When the church took over the title “Son of Man” for Jesus, to some extent, they also took over this apocalyptic expectation of judgment. As a result, we have both of these ideas regarding the Last Judgment in the New Testament. On the one hand, we continue the vision of the prophets whereby God’s judgment is good news as it delivers the oppressed and reconciles, redeems, and transforms those doing evil. On the other hand, certain passages in the New Testament present a more apocalyptic view of judgment whereby God simply pronounces judgment on each person according to their deeds and assigns them to eternal reward or punishment. The problem is that the New Testament never resolves the tension between these two expectations.

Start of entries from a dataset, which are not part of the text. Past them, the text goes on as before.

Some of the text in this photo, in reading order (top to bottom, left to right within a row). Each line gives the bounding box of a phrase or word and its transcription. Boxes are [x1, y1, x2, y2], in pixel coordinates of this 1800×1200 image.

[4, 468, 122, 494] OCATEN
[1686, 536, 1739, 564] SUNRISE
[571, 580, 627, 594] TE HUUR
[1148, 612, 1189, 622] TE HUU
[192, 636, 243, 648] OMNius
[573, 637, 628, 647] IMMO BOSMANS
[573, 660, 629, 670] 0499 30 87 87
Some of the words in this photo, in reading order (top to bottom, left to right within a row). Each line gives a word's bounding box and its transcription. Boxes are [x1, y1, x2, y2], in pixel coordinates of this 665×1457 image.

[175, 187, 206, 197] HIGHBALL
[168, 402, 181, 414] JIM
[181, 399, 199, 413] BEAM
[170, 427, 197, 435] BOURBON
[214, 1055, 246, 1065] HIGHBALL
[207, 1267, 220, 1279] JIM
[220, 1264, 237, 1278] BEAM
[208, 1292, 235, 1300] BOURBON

How, then, do we deal with all of this in our own time? What is the ultimate purpose of the Last Judgment? Once again, I suggest we look to Jesus who defined God for us as well as what we can expect from the last things. The New Testament consistently presents Jesus as the one who proclaimed the justice/deliverance of divine mercy to those who have received no justice. (Read among other places the Beatitudes in Matthew 5 as well as Jesus’ description of the Last Judgment in Matthew 25.) At the same times, the New Testament presents Jesus as the one who offers forgiveness and redemption to the unjust. Evil must not be allowed to continue. God will set things right. But when love is the guiding principle in all that God does, we must hope for a judgment which both delivers and reconciles, which establishes justice and justifies sinners, which creates peace and redeems.

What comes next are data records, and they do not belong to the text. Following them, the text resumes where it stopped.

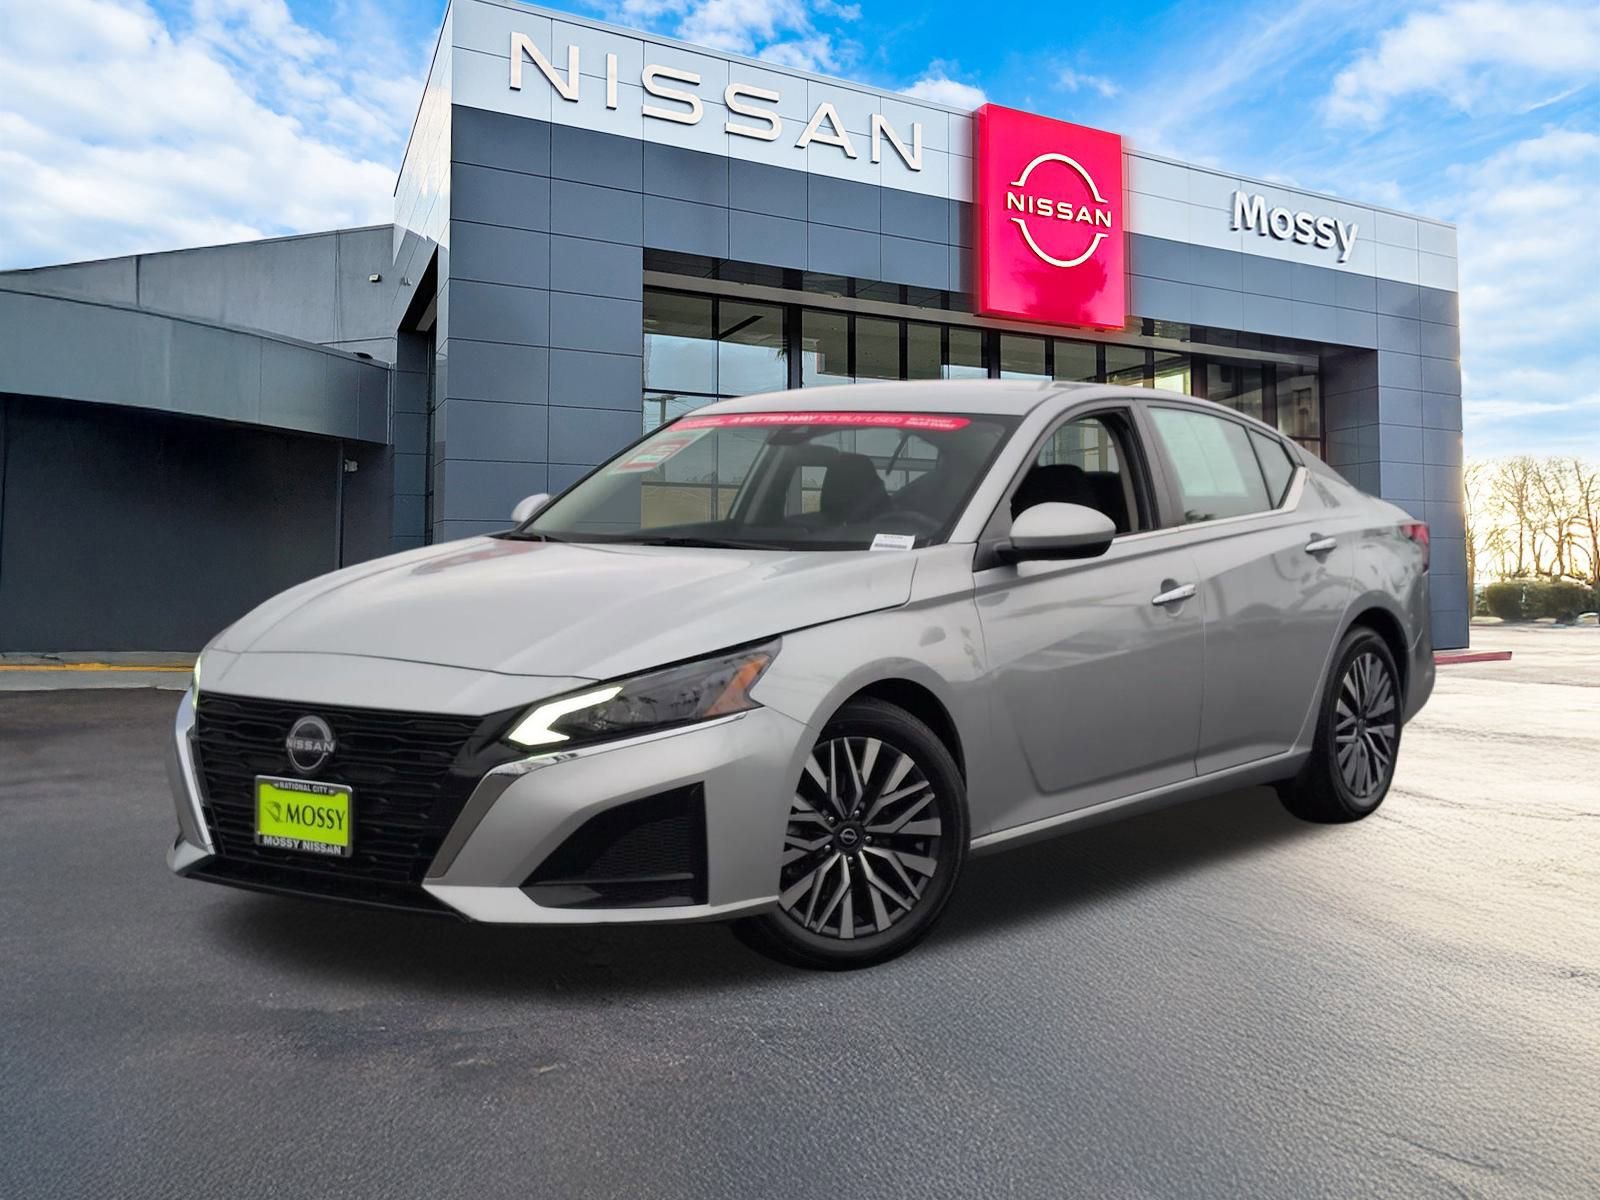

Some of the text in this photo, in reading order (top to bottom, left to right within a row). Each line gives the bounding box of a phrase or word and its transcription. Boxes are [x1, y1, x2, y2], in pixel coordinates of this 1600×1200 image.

[509, 31, 922, 172] NISSAN
[1006, 191, 1112, 228] NISSAN
[1230, 190, 1360, 263] Mossy
[286, 737, 335, 753] NISSAN
[279, 781, 328, 793] NATIONAL CITY
[286, 802, 346, 831] MOSSY
[263, 836, 341, 855] MOSSY NISSAN

The most perfect form of love in Jesus’ teachings is love for one’s enemies just as God loves God’s enemies. Through such sacrificial love, Christ has “slain enmity” says Colossians 2:16. In fact, Colossians sees the reconciliation of the whole cosmos taking place through Christ’s self-surrender on the cross. Jesus even prays from the cross for those crucifying him saying, “Father, forgive them because they don’t know what they are doing.” It is by such love that the Messiah Jesus creates his kingdom of peace. Such love could never let the law of retaliation be the last word. The Last Judgment over which Jesus presides can never be the cut and dry pronouncements of a merciless judge. It can only be the judgments of a God whose final purpose is to set things right by delivering the oppressed and redeeming and reconciling the world. As such, the final judgment is no more than the beginning of the new creation of all things. It is not an end but a beginning—the first of the final steps in God’s eternal plan of creating a cosmic community of love, creativity, freedom, and solidarity. As such, the final judgment is not final at all. It is not the last that can be expected from God. At most, it is the next to the last. The last would be the Kingdom of God in its fullness and the new creation of all things. Just as in Genesis the first thing was not human sin but God’s primal blessing given to creation, so judgment cannot be the last thing. What would come last would be the final blessing of the new creation in which righteousness and justice dwell and where shalom and love reign.
And so those who know Jesus and understand the heart of God have nothing to fear from the Last Judgment. The Last Judgment is good news. It represents the joyful and liberating eventuality whereby God begins the new creation of heaven and earth. And all that will be decided and all that will be done will be guided by the compassionate love and pure righteousness we have already seen in Jesus.